Quinnell first played for Wales as a blindside flanker in a 26–24 defeat against Canada in 1990. He was part of the 1994 Five Nations-winning Welsh team and was man of the match in Wales' 24–15 victory over France that year with a try and a breakaway to set up another try.

Rugby league
He switched to rugby league in 1994, joining Wigan. He stayed with Wigan for two years, and during this time he won the league. Quinnell played loose forward in Wigan's 25–16 victory over St. Helens in the 1996 Regal Trophy final. He also represented Wales in the 1995 Rugby League World Cup. He said that the toughest game of rugby he ever played was the quarter-final against Western Samoa.  Wales went out to England 25–10 in the semi-finals.

Return to union
Quinnell returned to rugby union with Richmond in 1996. He was selected for the 1997 Lions tour of South Africa but a double hernia operation forced him to leave the tour and he was replaced by Tony Diprose.

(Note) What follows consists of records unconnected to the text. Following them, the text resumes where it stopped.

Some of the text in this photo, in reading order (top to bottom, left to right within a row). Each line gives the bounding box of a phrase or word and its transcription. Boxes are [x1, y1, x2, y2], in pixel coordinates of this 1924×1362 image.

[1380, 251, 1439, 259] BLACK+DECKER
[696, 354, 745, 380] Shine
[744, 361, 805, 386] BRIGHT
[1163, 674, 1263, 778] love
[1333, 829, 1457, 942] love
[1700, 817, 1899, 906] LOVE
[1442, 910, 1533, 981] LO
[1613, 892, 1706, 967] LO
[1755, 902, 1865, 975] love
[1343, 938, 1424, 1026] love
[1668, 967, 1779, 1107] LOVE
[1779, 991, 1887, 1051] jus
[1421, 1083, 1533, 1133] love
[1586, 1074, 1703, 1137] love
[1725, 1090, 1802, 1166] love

He came back to his beloved Stradey Park in 1998. During the 1998–99 season he did no conditioning work at all as he had rheumatoid arthritis in his left knee. For seven years he played through the pain barrier with the condition that seemed likely to end his career.

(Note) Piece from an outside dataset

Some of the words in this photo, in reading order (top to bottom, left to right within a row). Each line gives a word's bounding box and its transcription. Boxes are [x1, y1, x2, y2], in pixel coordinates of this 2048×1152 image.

He was part of a Welsh team that won eight straight games before the 1999 World Cup and then reached the World Cup quarter-finals where they went out 24–9 to the eventual winners Australia. He captained Wales for the first time in a 23–13 defeat by South Africa at the Millennium Stadium. Quinnell played his last game for Wales as a replacement in a 32–21 win over Canada in 2002 after winning 52 caps.

He was again selected for the 2001 Lions tour to Australia where he played in all three tests, and scored a try in the first test in Brisbane.

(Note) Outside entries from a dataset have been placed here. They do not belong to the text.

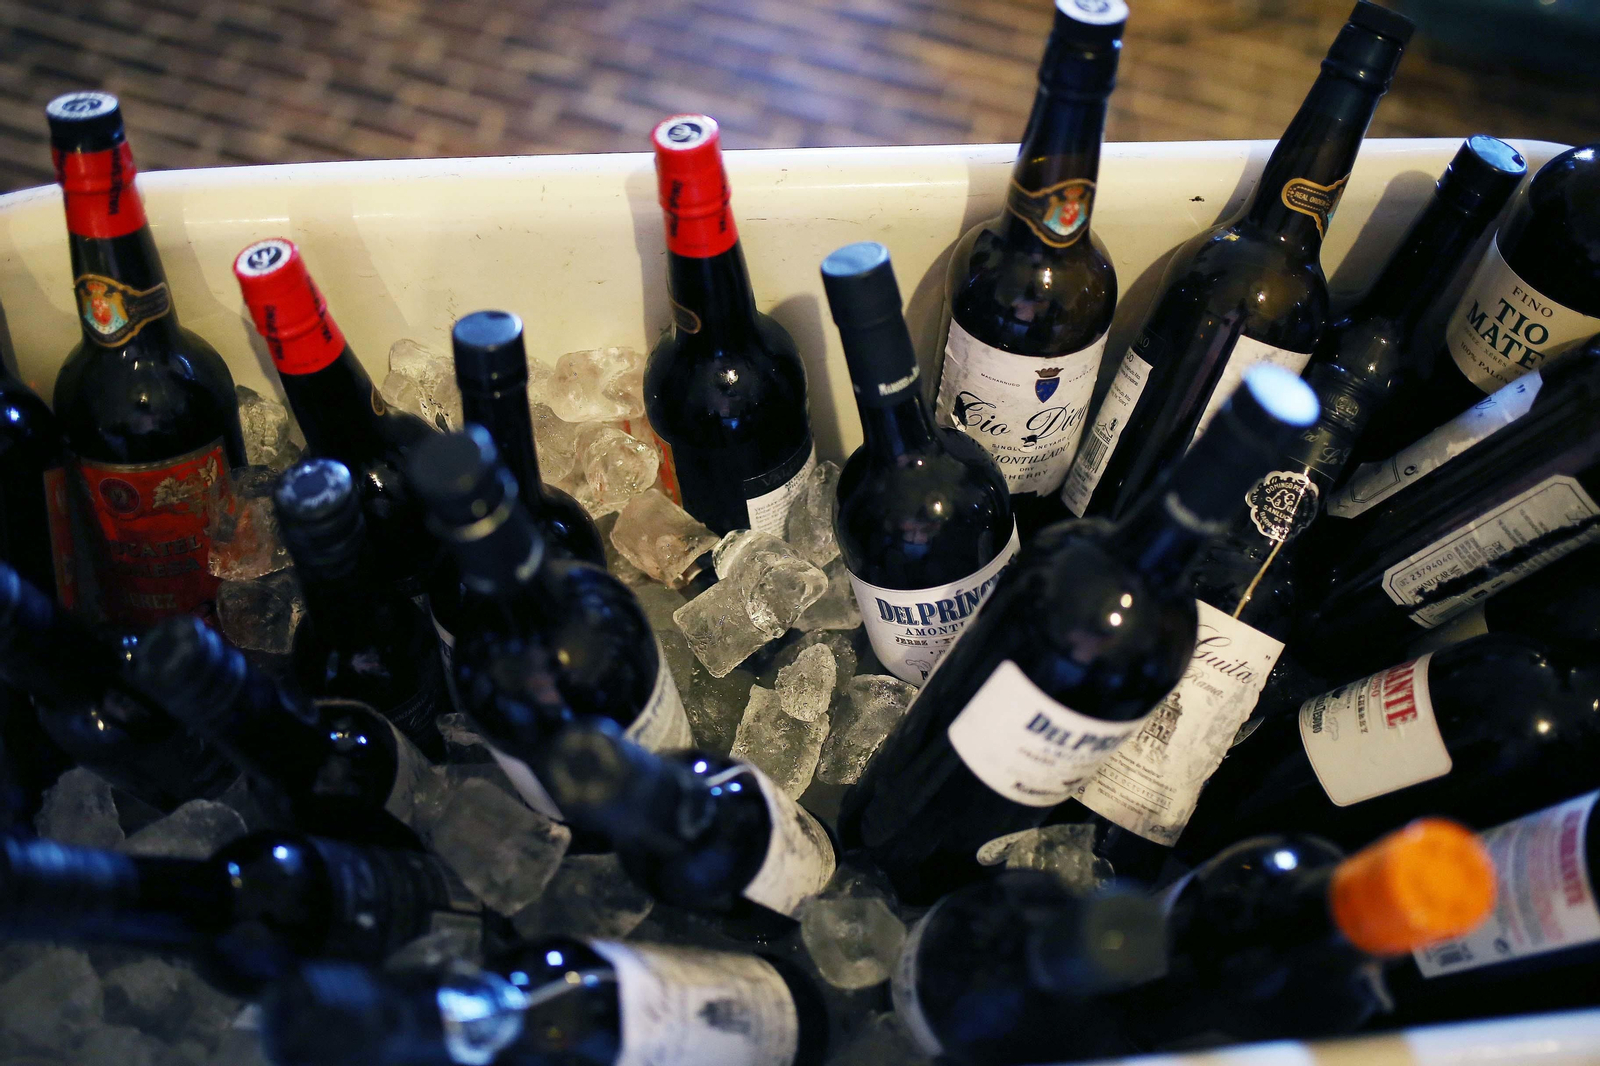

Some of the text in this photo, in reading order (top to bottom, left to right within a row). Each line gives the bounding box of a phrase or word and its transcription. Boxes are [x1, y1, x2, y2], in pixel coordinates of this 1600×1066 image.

[1512, 285, 1554, 318] FINO
[1494, 297, 1549, 345] TIO
[1466, 299, 1546, 371] MATE
[980, 372, 1021, 388] MACHARNUDO
[955, 390, 1089, 441] Tio Dieg
[990, 441, 1071, 466] MONTILLADO
[991, 436, 1067, 452] SINGL INEYARD
[1264, 482, 1293, 494] DOMINGO
[895, 636, 929, 647] JEREZ

After the Welsh domestic game went regional in 2003, he appeared 59 times for the Scarlets, scoring 32 tries. He was part of the Llanelli Scarlets team that won the Celtic League title in 2004.
 
Quinnell announced his retirement from rugby union at the end of the 2004–05 season in order to concentrate on his role as coach of the Llanelli RFC Welsh Premier Division team. A hand injury suffered in March 2005 forced him to end his career a few weeks prematurely. He played his final game in a testimonial match with fellow retiree Rob Howley at the Millennium Stadium. Quinnell's Britain & Ireland selection lost 57–67 to Howley's Rest of the World side.

After retirement
Quinnell currently regularly appears as a commentator and pundit on a number of Sky Sports televised rugby matches. He is also a People's Postcode Lottery ambassador and appears on the adverts. He is a co-presenter and coach (with Will Greenwood) of Sky's School of Hard Knocks TV series. He has had a recurring guest role as himself in the Sky 1 TV comedy series Stella. In 2017 he co-wrote (with psychologist Paul Boross) the book Leader On The Pitch, with a foreword written by Sir Clive Woodward.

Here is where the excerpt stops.